Repeat all of the records word for word, but skip any picture.

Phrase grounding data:
------------------------------------
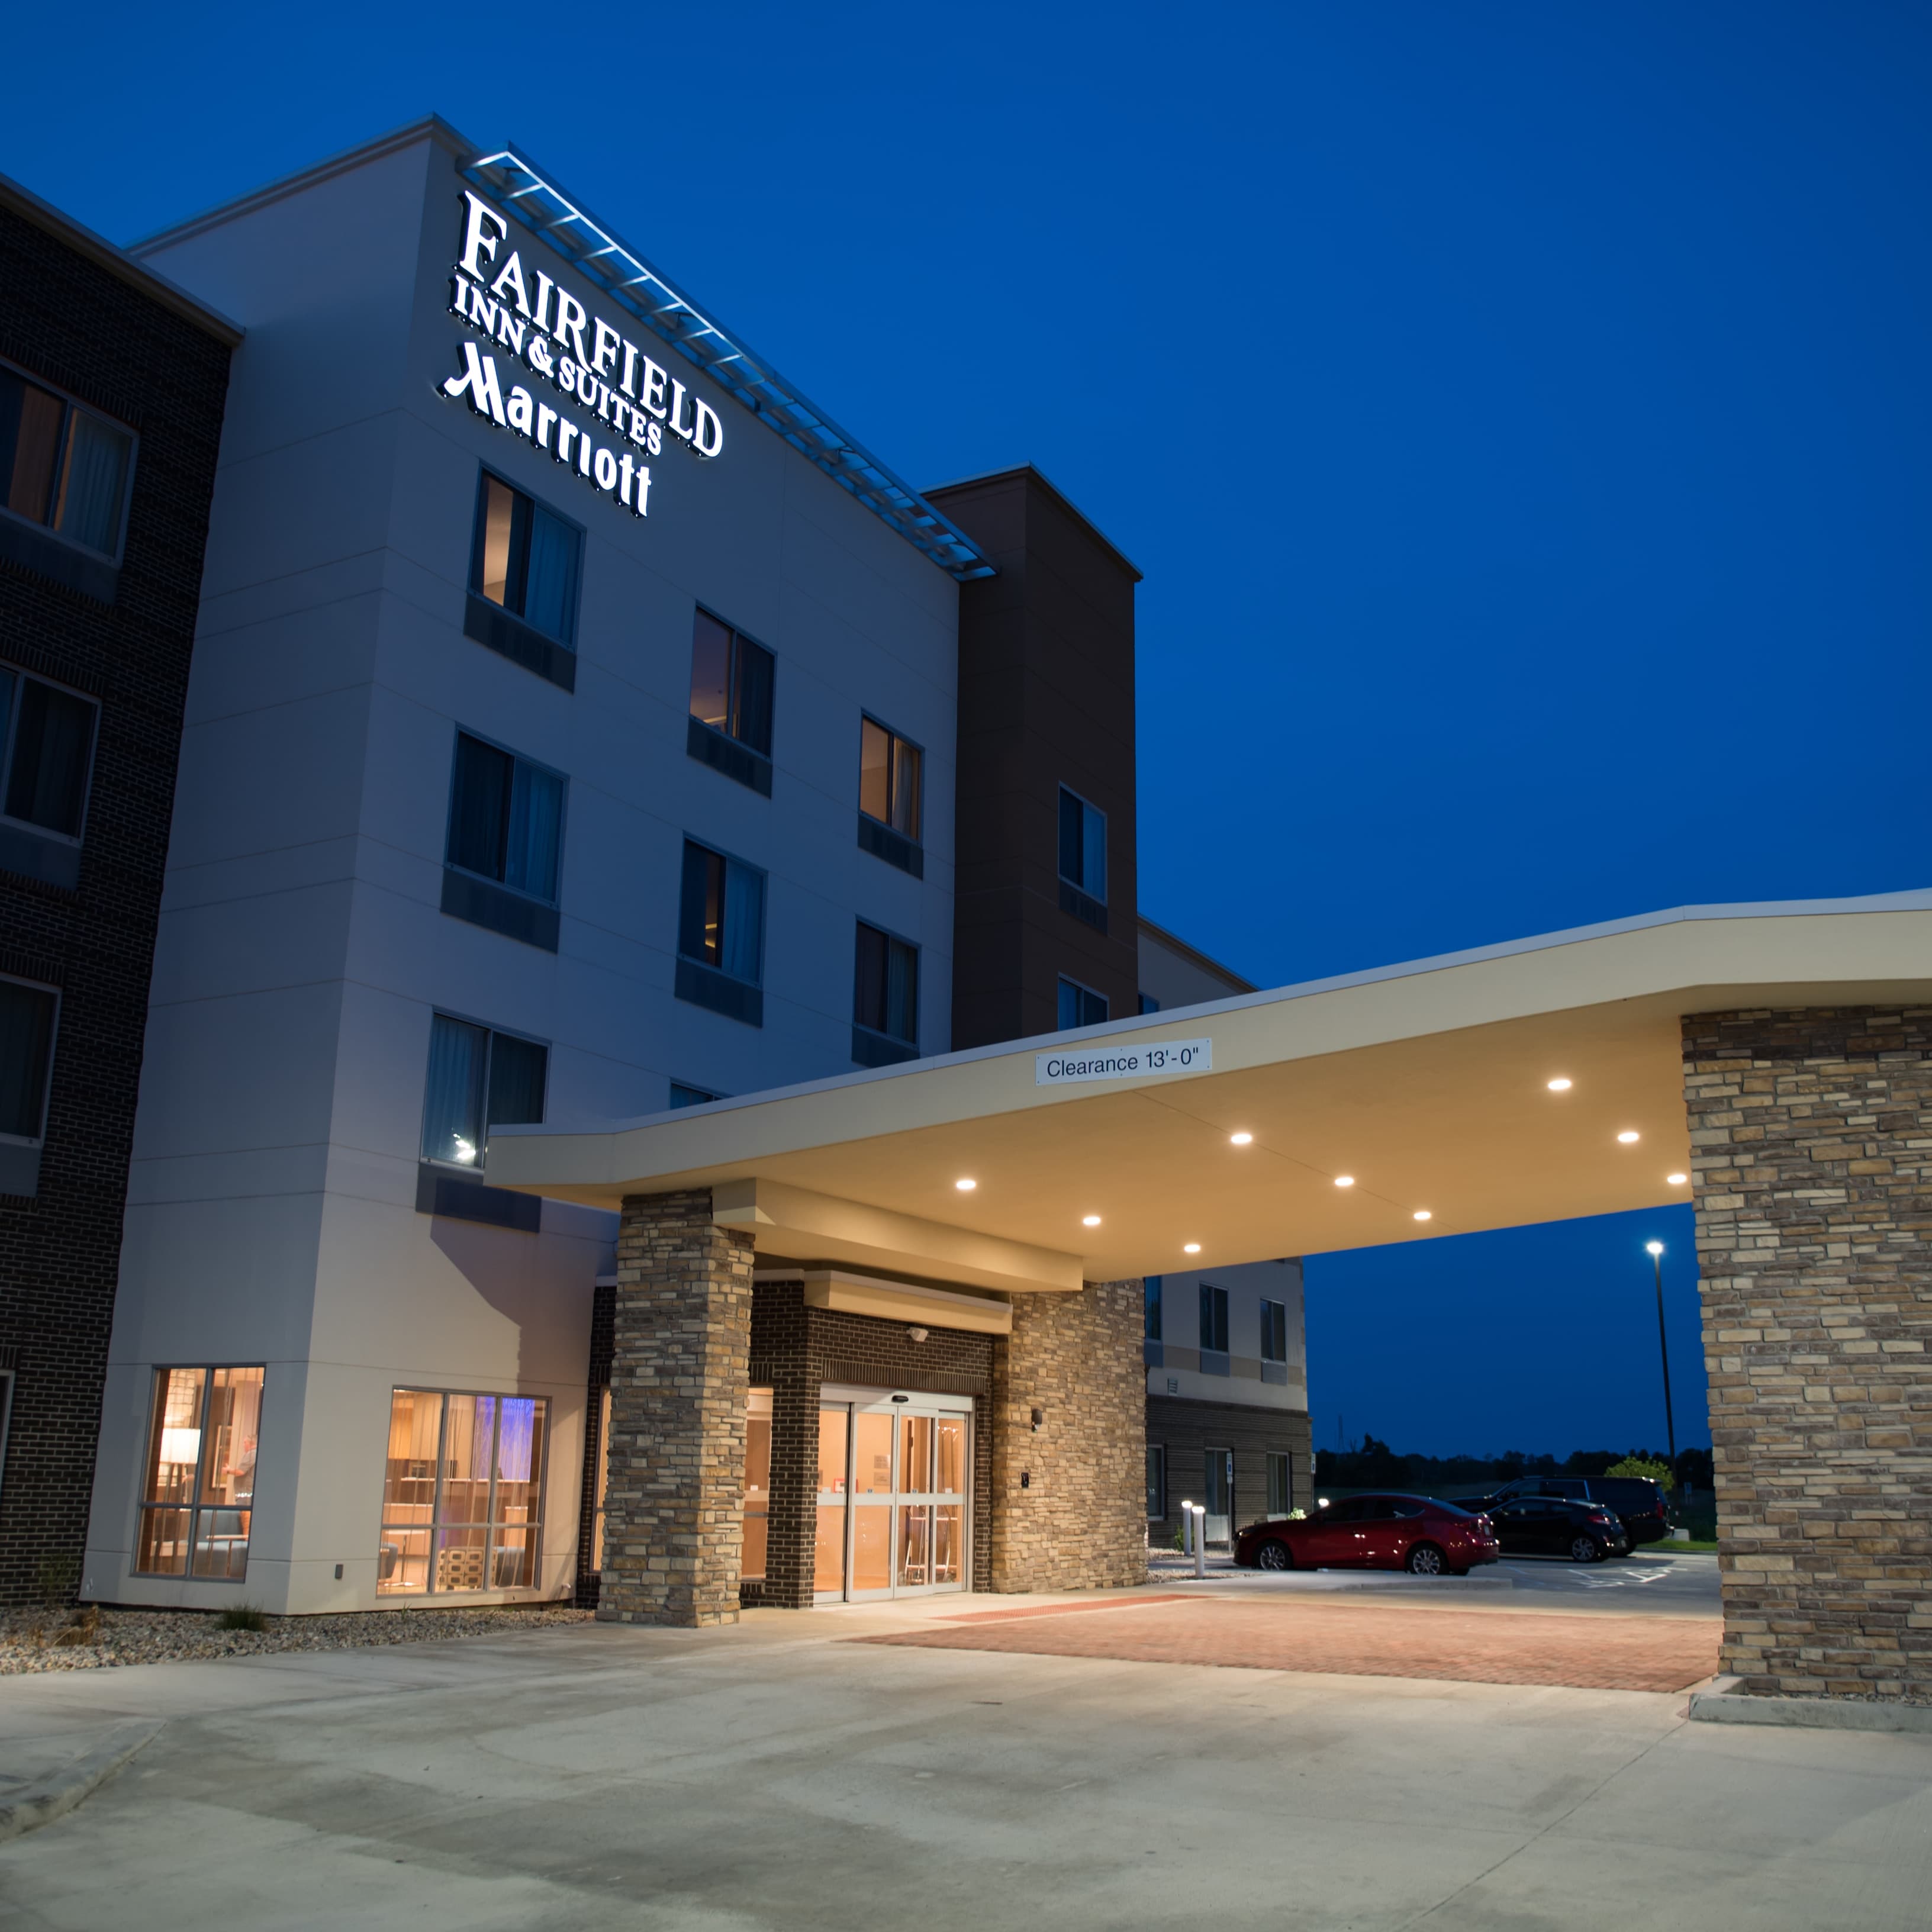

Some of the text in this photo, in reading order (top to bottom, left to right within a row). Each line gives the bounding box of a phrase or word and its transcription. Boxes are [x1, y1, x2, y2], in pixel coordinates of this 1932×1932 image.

[455, 275, 662, 456] INN & SUITES
[459, 190, 723, 457] FAIRFIELD
[444, 342, 652, 517] Marriott
[1047, 1057, 1138, 1077] Clearance
------------------------------------
▸ **Reply to the exercise**:
Some of the text in this photo, in reading order (top to bottom, left to right within a row). Each line gives the bounding box of a phrase or word and its transcription. Boxes are [x1, y1, x2, y2], in pixel coordinates of this 1932×1932 image.

[455, 275, 662, 456] INN & SUITES
[459, 190, 723, 457] FAIRFIELD
[444, 342, 652, 517] Marriott
[1047, 1057, 1138, 1077] Clearance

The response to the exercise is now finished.